一例重型Cornelia de Lange综合征患者的NIPBL基因变异分析

目的分析1例重型Cornelia de Lange综合征(Cornelia de Lange syndrome,CdLS)患儿的NIPBL基因变异,明确其遗传学病因。方法提取患儿及其父母外周血中DNA物质,应用全外显子基因组测序法检测相关基因变异,应用Sanger测序法验证变异。对可疑变异进行生物信息学预测。结果经全外显子基因组测序分析并经Sanger测序验证,发现患儿NIPBL基因第9外显子存在c.1507A>G(p.Lys503Glu)杂合错义变异,该变异为新发变异,且为未报道过的新变异。经PolyPhen-2、Mutation Taster、SIFT预测软件预测c.1507A>G(p.Lys503Glu)变异为可能有害变异,并经HomoloGene系统分析NIPBL蛋白第503位Lys在各种属间均高度保守,该位点氨基酸改变可导致编码的NIPBL原有蛋白功能发生障碍。而经过PubMed BLAST系统进一步分析发现该位点氨基酸的改变可通过影响Neuromodulin_N superfamily结构域的形成来导致NIPBL蛋白功能发生障碍的。结论NIPBL基因c.1507A>G(p.Lys503Glu)错义变异可能为该患儿罹患重型CdLS的致病原因,基因变异检测结果可以为家系的遗传咨询和产前诊断提供依据。
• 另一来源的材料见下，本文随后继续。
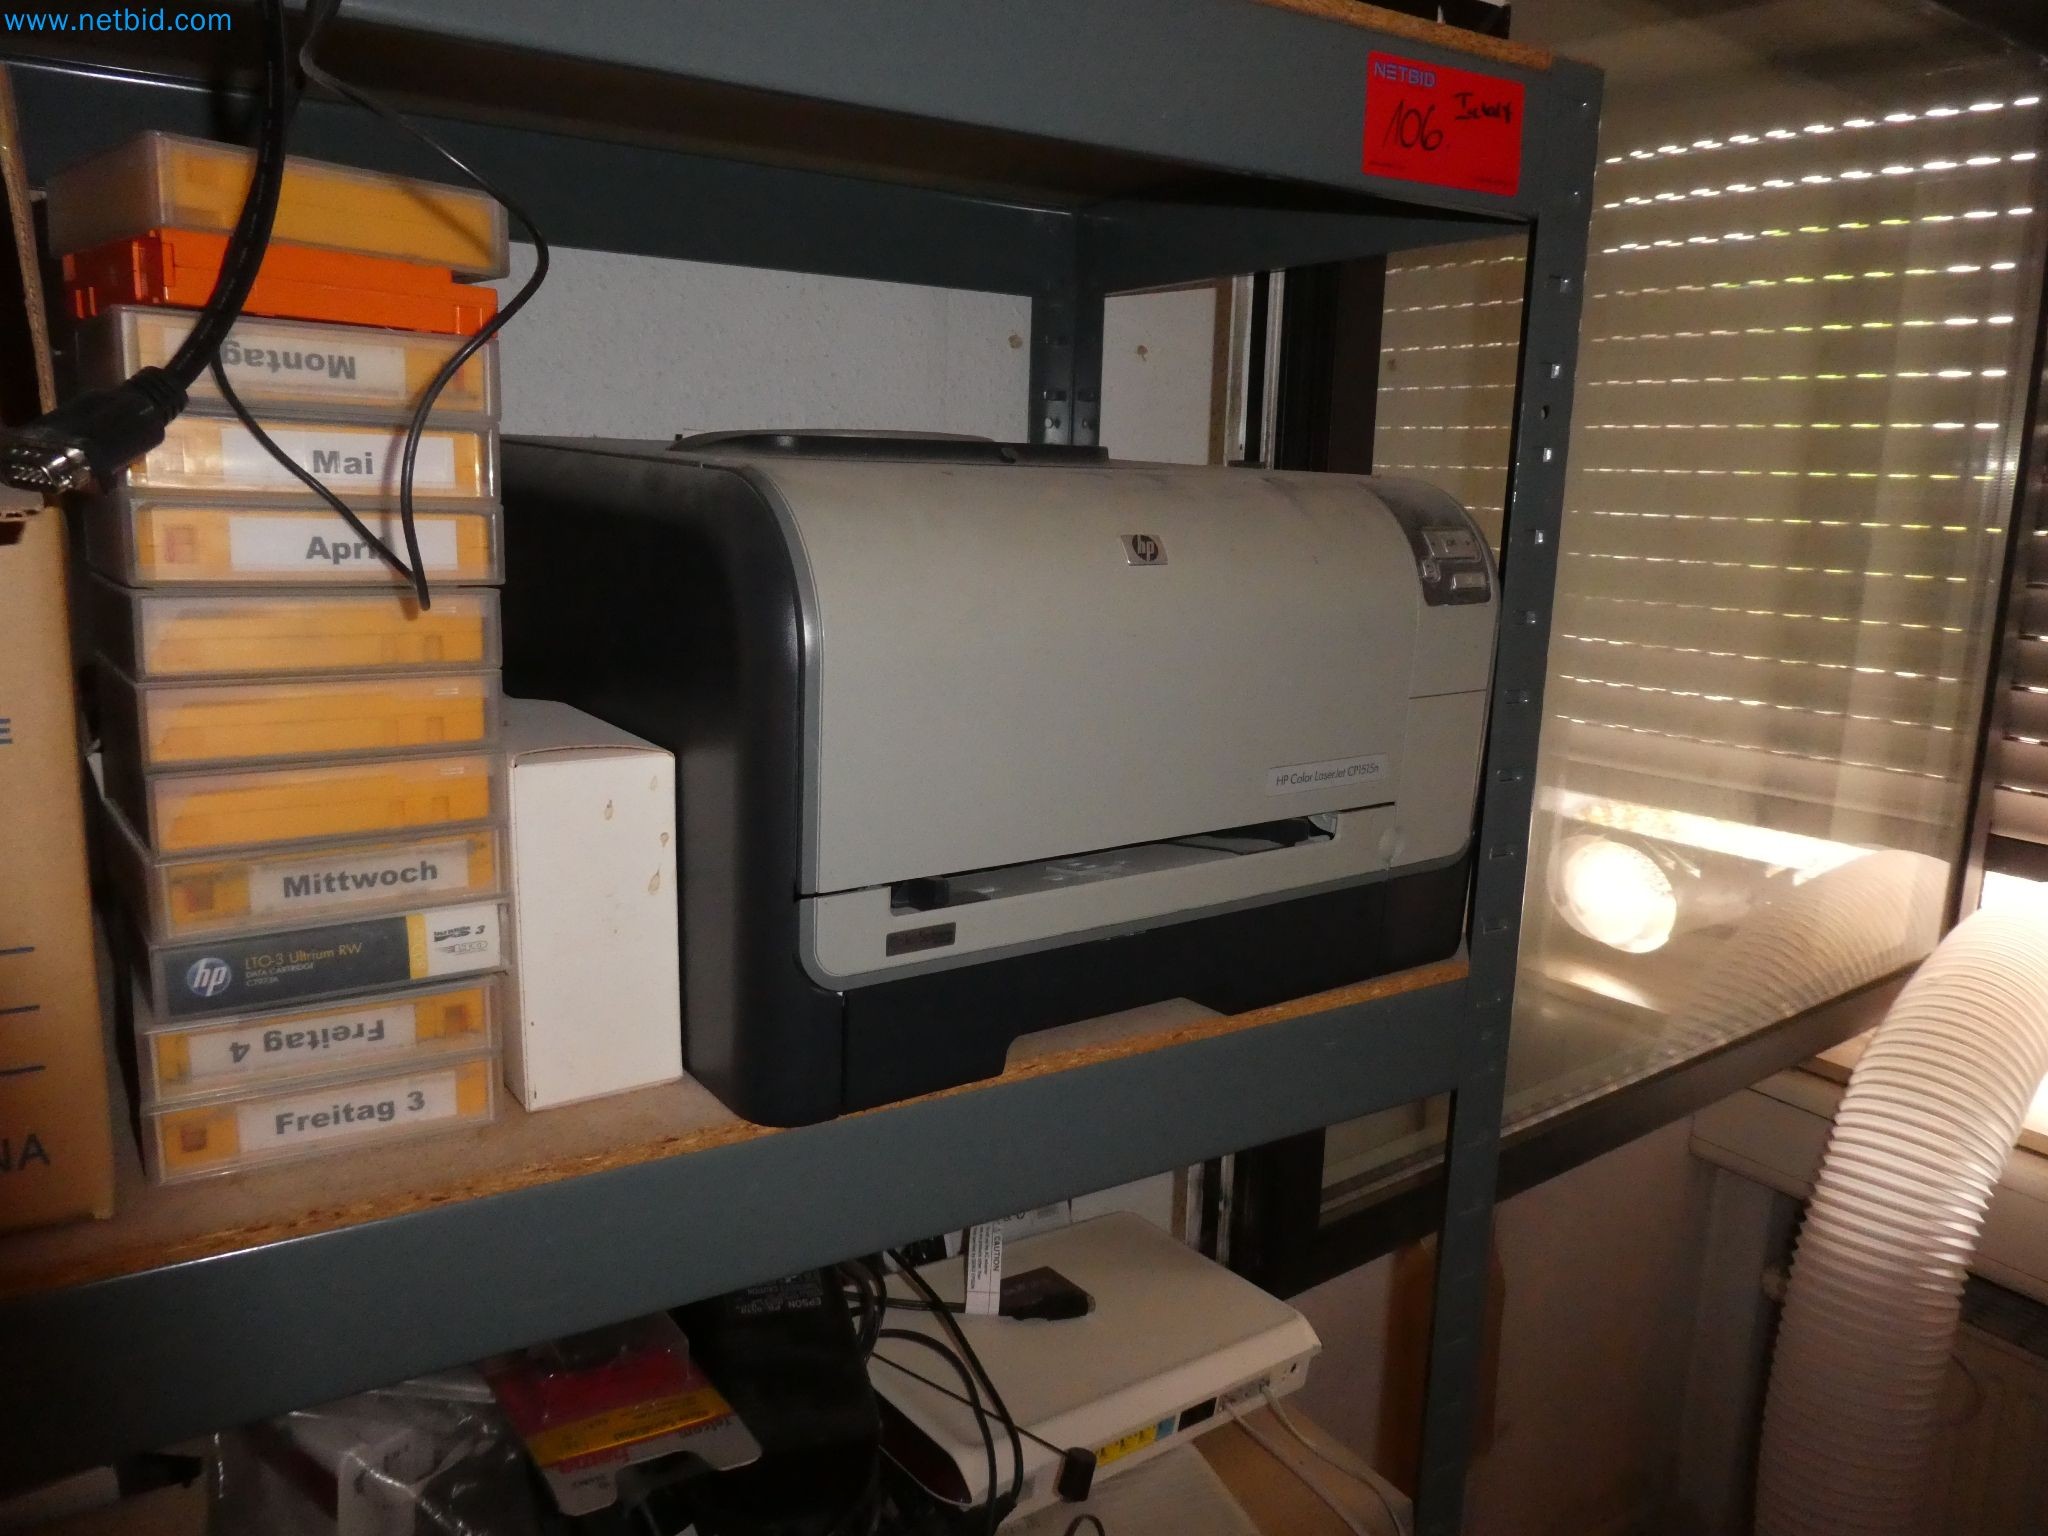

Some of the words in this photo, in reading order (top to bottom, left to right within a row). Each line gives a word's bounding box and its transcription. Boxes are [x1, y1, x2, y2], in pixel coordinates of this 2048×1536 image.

Identification of a novel missense NIPBL variant in a juvenile with severe type of Cornelia de Lange syndrome

Objective To detect pathogenic variant in a juvenile with severe type Cornelia de Lange syndrome(CdLS).Methods A 12-year-old female presented with comprehensive developmental retardation and deformity of lower limbs.Genomic DNA was extracted from peripheral blood sample of the patient.Whole exome sequencing was performed to identify pathogenic variants.Putative variant was verified by Sanger sequencing.The impact of variants was predicted and validated by bioinformatic analysis.Results A de novo missense variant,c.1507A>G(p.Lys503Glu),was found in the NIPBL gene of the proband.The variant was unreported previously and predicted to be pathogenic by PolyPhen-2,MutationTaster and SIFT.Using HomoloGene system,the 503 loci in the NIPBL protein are highly conserved.The change of amino acid(Glu),locating in 503 locus,was found to cause the Neuromodulin_N superfamily domain destroyed,resulting in severe damage to the function of NIPBL protein.Conclusion The de novo missense variant c.1507A>G(p.Lys503Glu)of the NIPBL gene probably underlies the disease in this patient.